• [Exercise goal]
Leave out the pictures and return every entry exactly as it appears.

• [Dataset entries]
○ ○ ○ ○

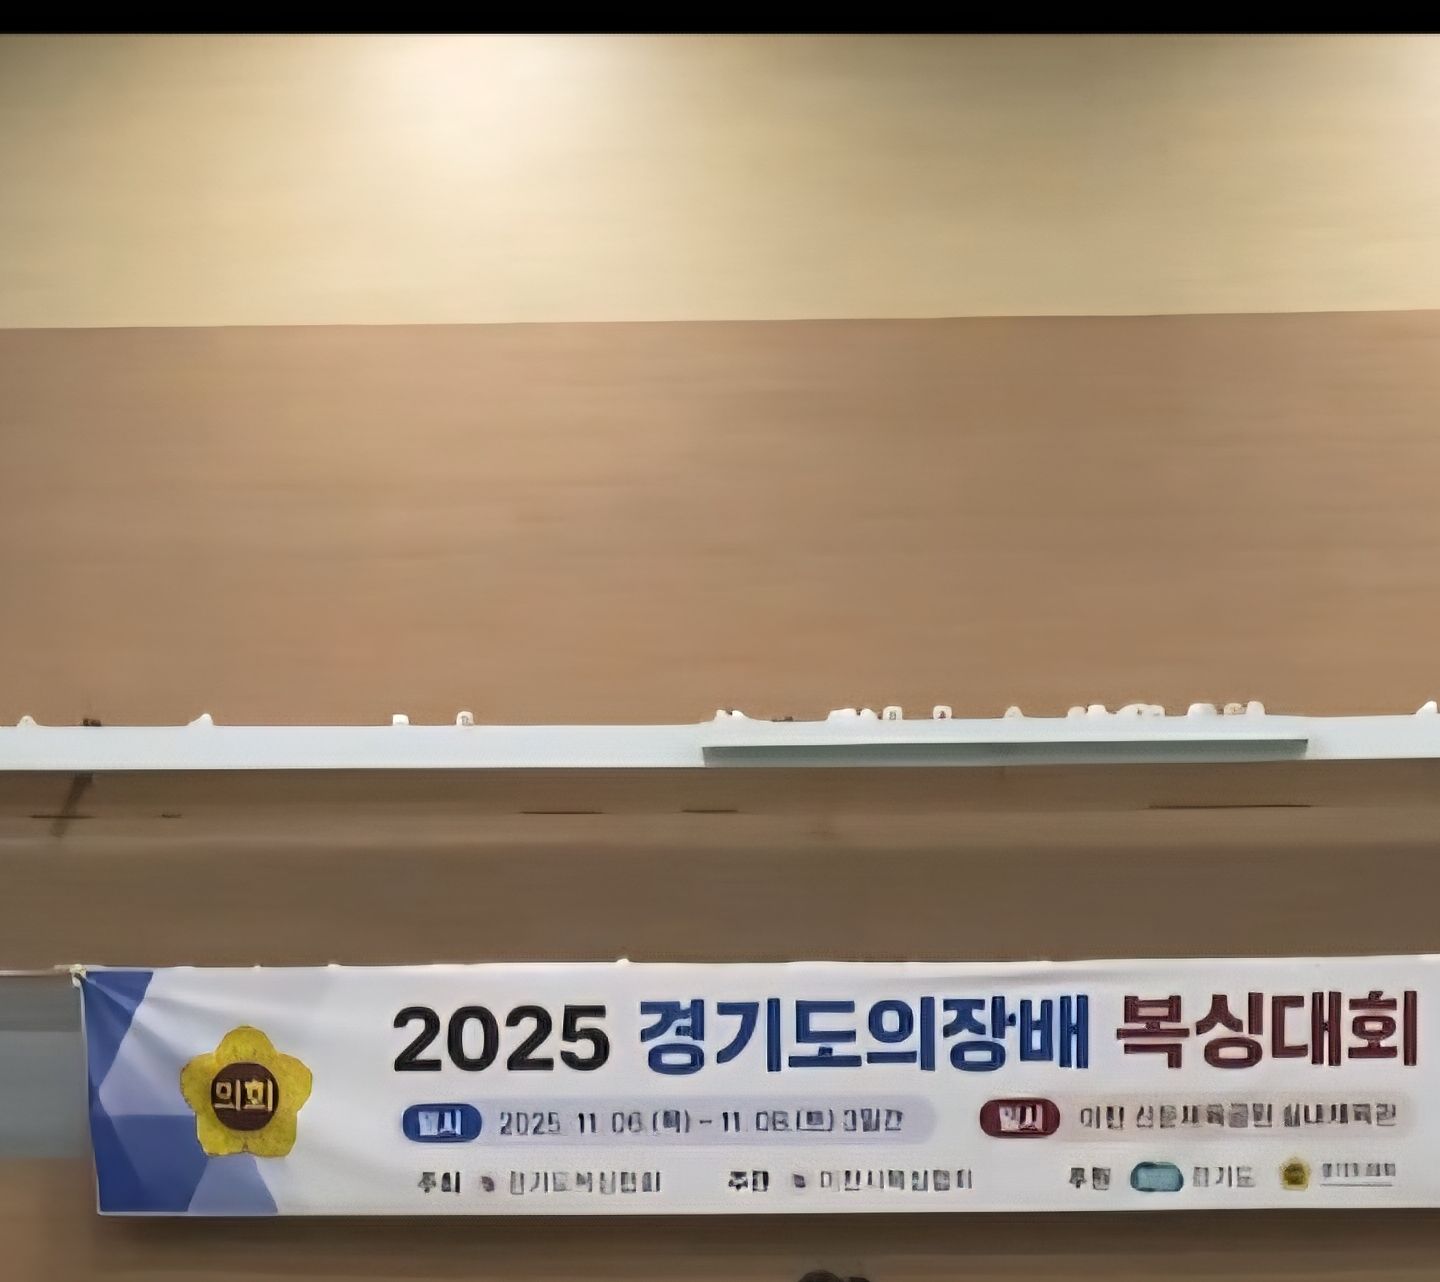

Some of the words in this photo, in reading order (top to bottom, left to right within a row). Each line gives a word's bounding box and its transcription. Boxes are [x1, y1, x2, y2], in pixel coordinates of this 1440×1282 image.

[392, 1003, 611, 1073] 2025
[640, 994, 1090, 1076] 경기도의장배
[1116, 989, 1418, 1070] 복싱대회
[213, 1078, 274, 1112] 의회

○ ○ ○ ○

• [Exercise answer]
Some of the words in this photo, in reading order (top to bottom, left to right within a row). Each line gives a word's bounding box and its transcription. Boxes are [x1, y1, x2, y2], in pixel coordinates of this 1440×1282 image.

[392, 1003, 611, 1073] 2025
[640, 994, 1090, 1076] 경기도의장배
[1116, 989, 1418, 1070] 복싱대회
[213, 1078, 274, 1112] 의회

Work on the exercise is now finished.